→ **Instructions to follow**: Skipping the images, transcribe each record below as it is.

→ **Provided data**:
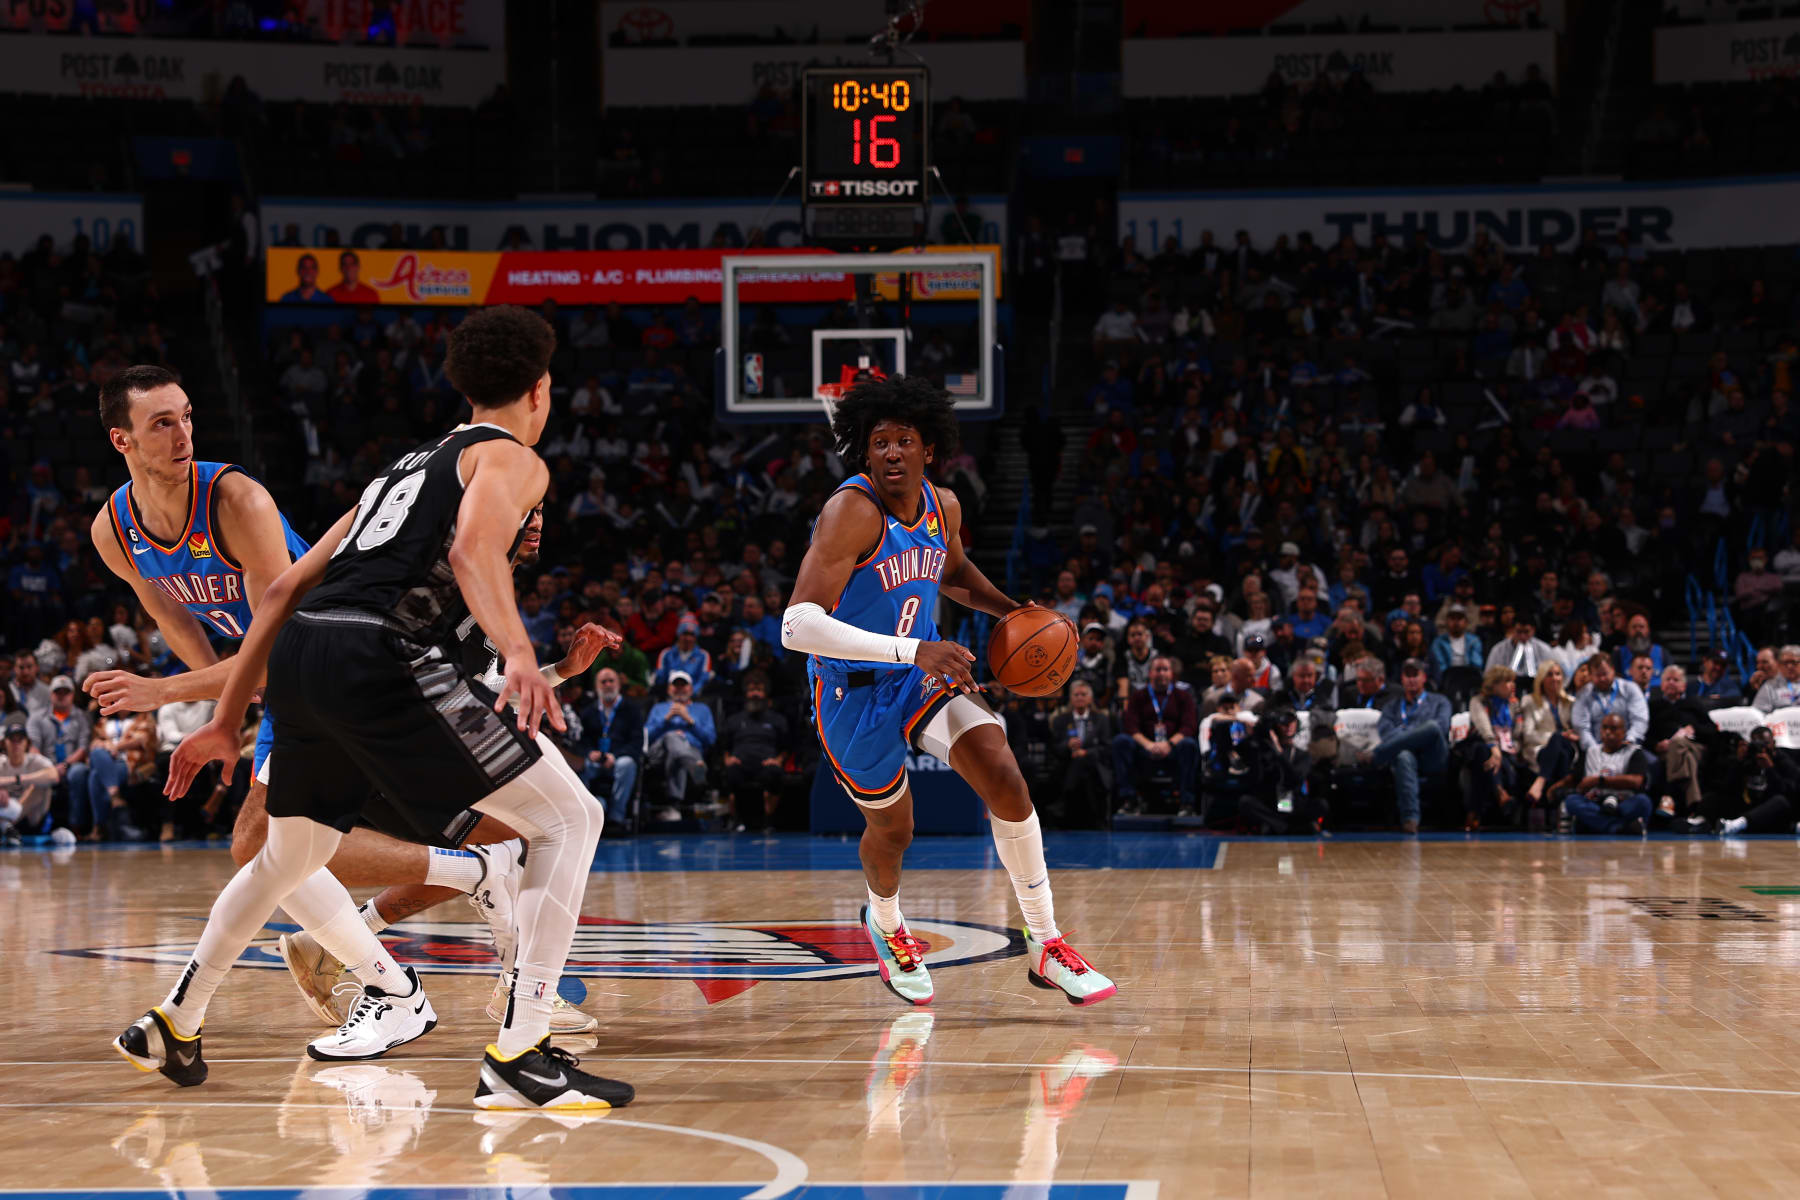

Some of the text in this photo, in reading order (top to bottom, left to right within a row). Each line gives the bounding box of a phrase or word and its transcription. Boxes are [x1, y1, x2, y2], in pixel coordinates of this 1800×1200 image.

[1731, 38, 1781, 64] POST
[61, 53, 184, 80] POST OAK
[324, 63, 442, 89] POST OAK
[752, 62, 800, 87] POST
[1274, 54, 1322, 78] POST
[832, 80, 911, 112] 10:40
[852, 114, 901, 168] 16
[840, 180, 919, 196] TISSOT
[1325, 207, 1674, 249] THUNDER
[507, 270, 582, 286] HEATING
[592, 270, 625, 285] A/C
[635, 269, 722, 284] PLUMBING
[330, 469, 426, 560] 18
[129, 528, 139, 543] 6
[873, 546, 946, 592] THUNDER
[896, 595, 921, 638] 8

→ **Answer**:
Some of the text in this photo, in reading order (top to bottom, left to right within a row). Each line gives the bounding box of a phrase or word and its transcription. Boxes are [x1, y1, x2, y2], in pixel coordinates of this 1800×1200 image.

[1731, 38, 1781, 64] POST
[61, 53, 184, 80] POST OAK
[324, 63, 442, 89] POST OAK
[752, 62, 800, 87] POST
[1274, 54, 1322, 78] POST
[832, 80, 911, 112] 10:40
[852, 114, 901, 168] 16
[840, 180, 919, 196] TISSOT
[1325, 207, 1674, 249] THUNDER
[507, 270, 582, 286] HEATING
[592, 270, 625, 285] A/C
[635, 269, 722, 284] PLUMBING
[330, 469, 426, 560] 18
[129, 528, 139, 543] 6
[873, 546, 946, 592] THUNDER
[896, 595, 921, 638] 8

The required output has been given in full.